*** Record extracts ***

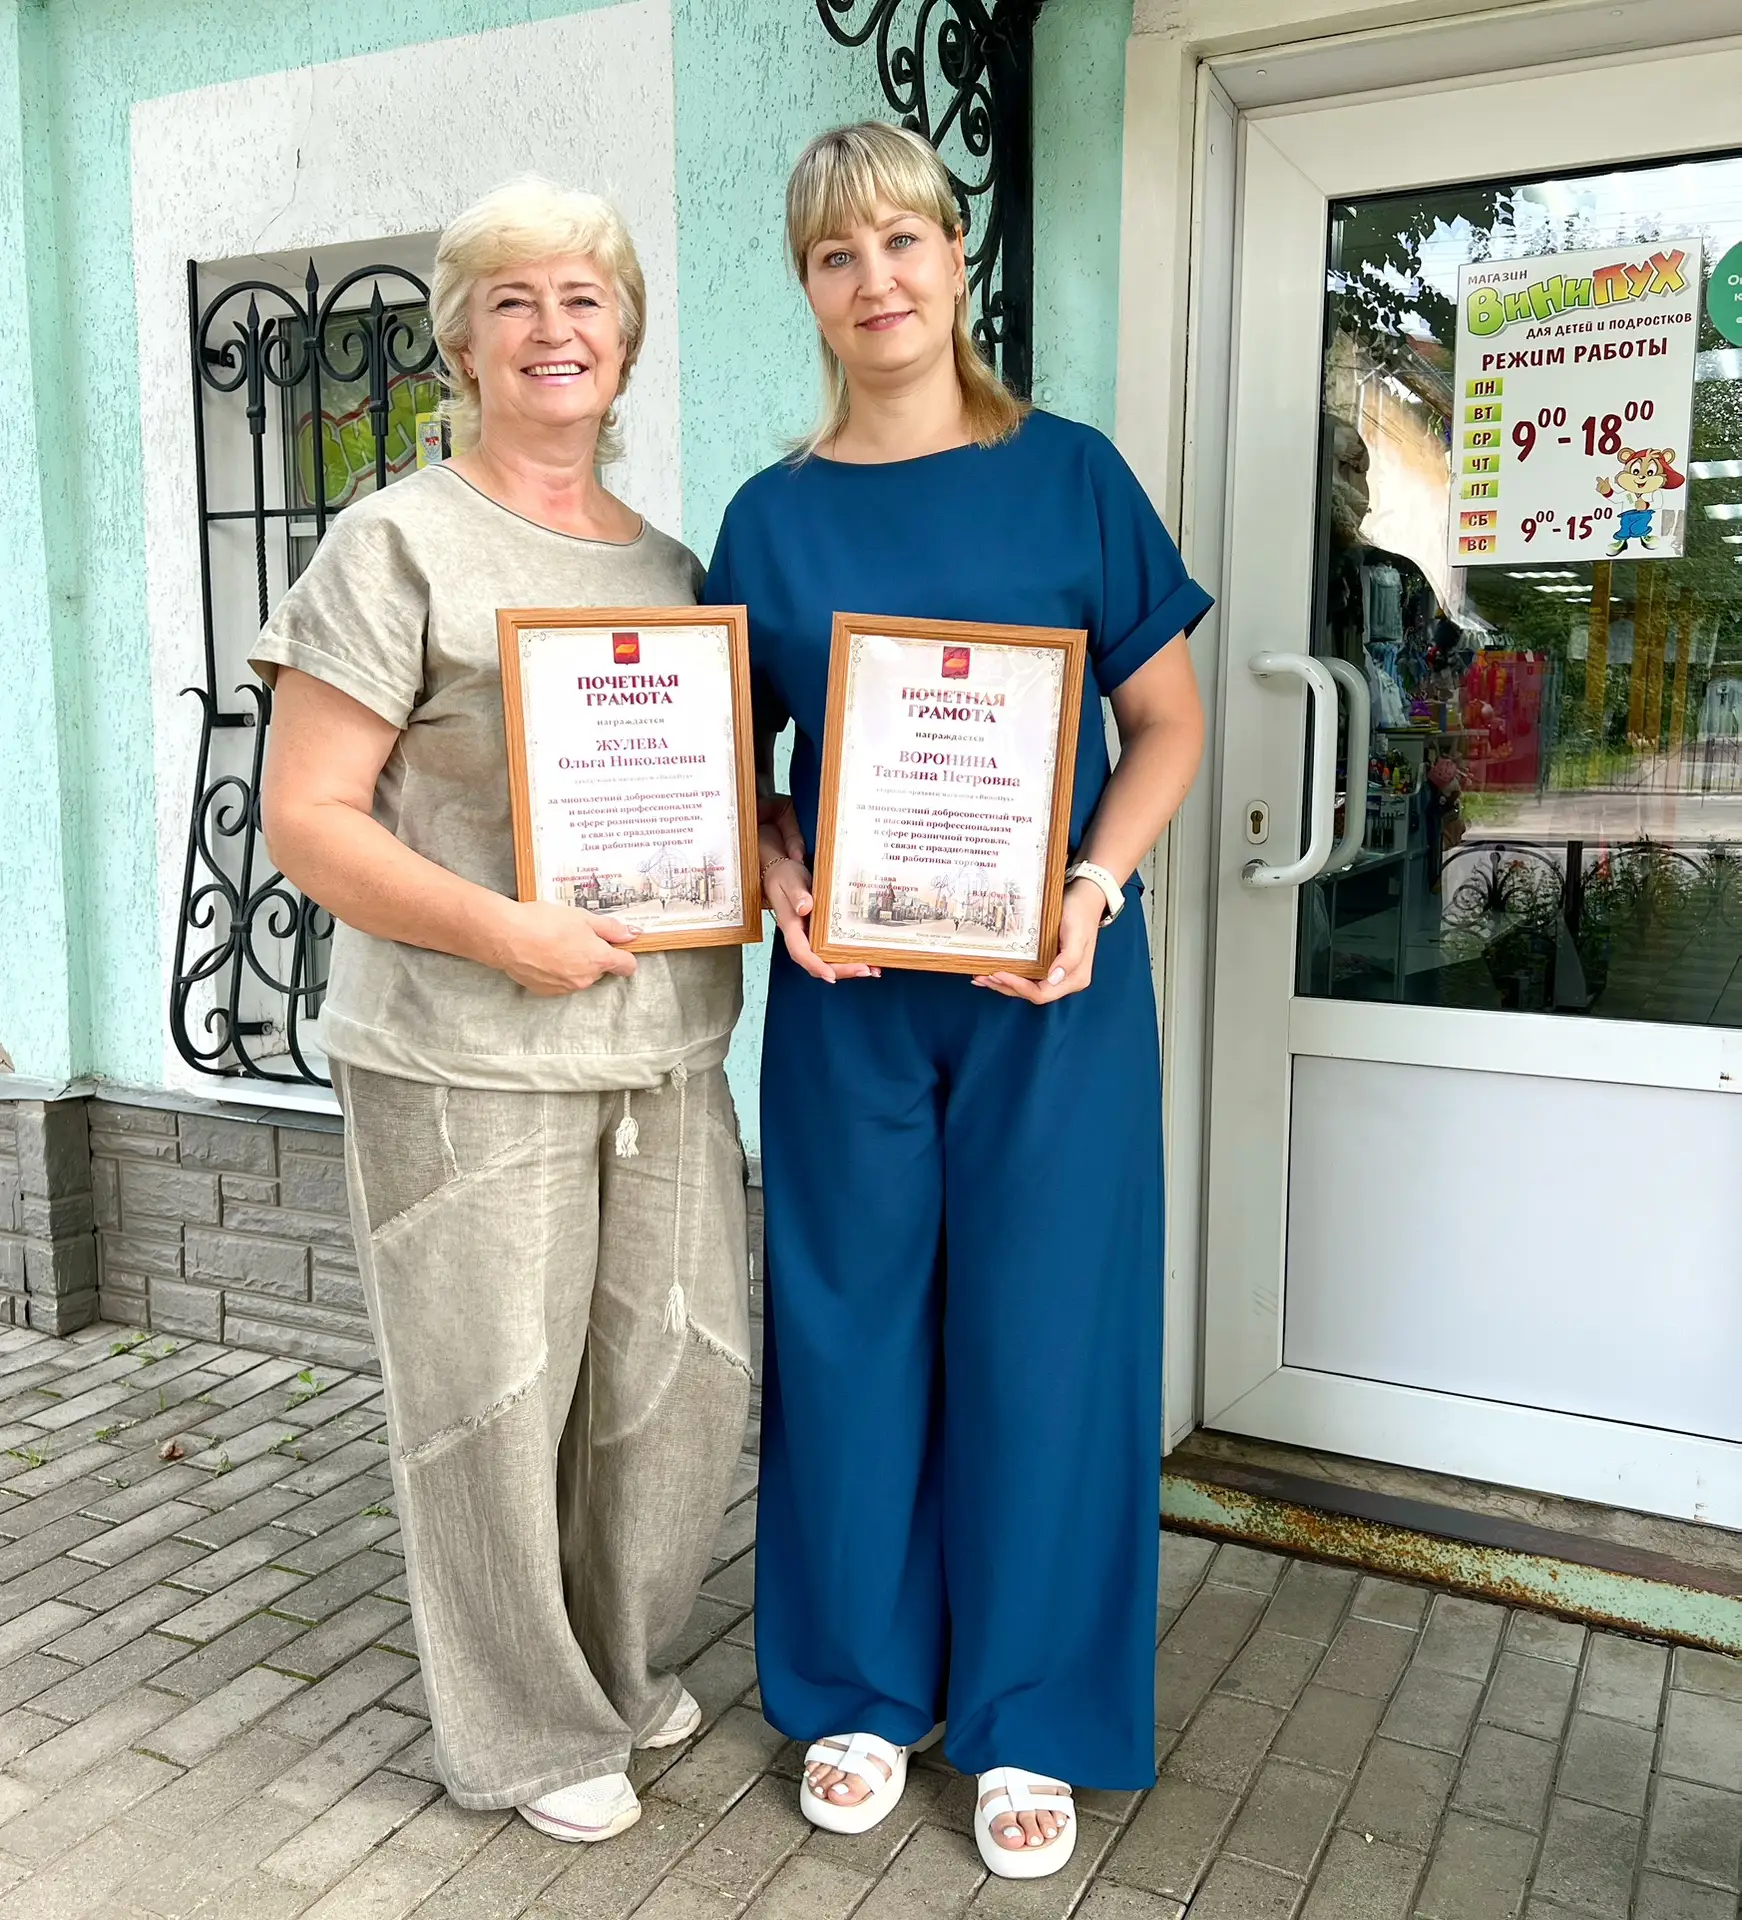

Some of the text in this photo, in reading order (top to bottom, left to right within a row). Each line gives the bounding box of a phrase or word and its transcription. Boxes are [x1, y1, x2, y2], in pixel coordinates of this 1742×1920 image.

[1467, 269, 1528, 285] МАГАЗИН
[1526, 312, 1692, 340] ДЛЯ ДЕТЕЙ И ПОДРОСТКОВ
[1482, 338, 1668, 371] РЕЖИМ РАБОТЫ
[1474, 380, 1495, 395] ПН
[1474, 407, 1493, 420] ВТ
[1472, 432, 1492, 446] СР
[1472, 457, 1490, 471] ЧТ
[1471, 483, 1490, 496] ПТ
[1468, 513, 1488, 526] СБ
[1467, 539, 1488, 551] ВС
[577, 674, 680, 690] ПОЧЕТНАЯ
[586, 691, 673, 706] ГРАМОТА
[901, 687, 1006, 707] ПОЧЕТНАЯ
[908, 704, 997, 723] ГРАМОТА
[597, 717, 665, 728] награждается
[915, 731, 985, 742] награждается
[596, 737, 669, 752] ЖУЛЕВА
[558, 754, 706, 770] Ольга Николаевна
[899, 751, 998, 769] ВОРОНИНА
[873, 765, 1021, 788] Татьяна Петровна
[548, 789, 721, 805] за многолетний добросовестный труд
[577, 805, 618, 815] высокий
[620, 803, 703, 815] профессионализм
[867, 804, 930, 816] многолетний
[931, 808, 1010, 821] добросовестный
[1011, 813, 1033, 824] труд
[577, 818, 605, 829] сфере
[606, 816, 658, 828] розничной
[883, 816, 924, 827] высокий
[926, 820, 1012, 834] профессионализм
[588, 831, 614, 839] связи
[623, 827, 694, 839] празднованием
[880, 829, 909, 839] сфере
[910, 831, 963, 843] розничной
[581, 838, 694, 852] Дня работника торговли
[890, 842, 917, 851] связи
[925, 844, 999, 857] празднованием
[882, 852, 997, 870] Дня работника торговли

***

§ The task
Would you set down every line of the data above exactly, skipping the pictures?

§ Exercise solution
Some of the text in this photo, in reading order (top to bottom, left to right within a row). Each line gives the bounding box of a phrase or word and its transcription. Boxes are [x1, y1, x2, y2], in pixel coordinates of this 1742×1920 image.

[1467, 269, 1528, 285] МАГАЗИН
[1526, 312, 1692, 340] ДЛЯ ДЕТЕЙ И ПОДРОСТКОВ
[1482, 338, 1668, 371] РЕЖИМ РАБОТЫ
[1474, 380, 1495, 395] ПН
[1474, 407, 1493, 420] ВТ
[1472, 432, 1492, 446] СР
[1472, 457, 1490, 471] ЧТ
[1471, 483, 1490, 496] ПТ
[1468, 513, 1488, 526] СБ
[1467, 539, 1488, 551] ВС
[577, 674, 680, 690] ПОЧЕТНАЯ
[586, 691, 673, 706] ГРАМОТА
[901, 687, 1006, 707] ПОЧЕТНАЯ
[908, 704, 997, 723] ГРАМОТА
[597, 717, 665, 728] награждается
[915, 731, 985, 742] награждается
[596, 737, 669, 752] ЖУЛЕВА
[558, 754, 706, 770] Ольга Николаевна
[899, 751, 998, 769] ВОРОНИНА
[873, 765, 1021, 788] Татьяна Петровна
[548, 789, 721, 805] за многолетний добросовестный труд
[577, 805, 618, 815] высокий
[620, 803, 703, 815] профессионализм
[867, 804, 930, 816] многолетний
[931, 808, 1010, 821] добросовестный
[1011, 813, 1033, 824] труд
[577, 818, 605, 829] сфере
[606, 816, 658, 828] розничной
[883, 816, 924, 827] высокий
[926, 820, 1012, 834] профессионализм
[588, 831, 614, 839] связи
[623, 827, 694, 839] празднованием
[880, 829, 909, 839] сфере
[910, 831, 963, 843] розничной
[581, 838, 694, 852] Дня работника торговли
[890, 842, 917, 851] связи
[925, 844, 999, 857] празднованием
[882, 852, 997, 870] Дня работника торговли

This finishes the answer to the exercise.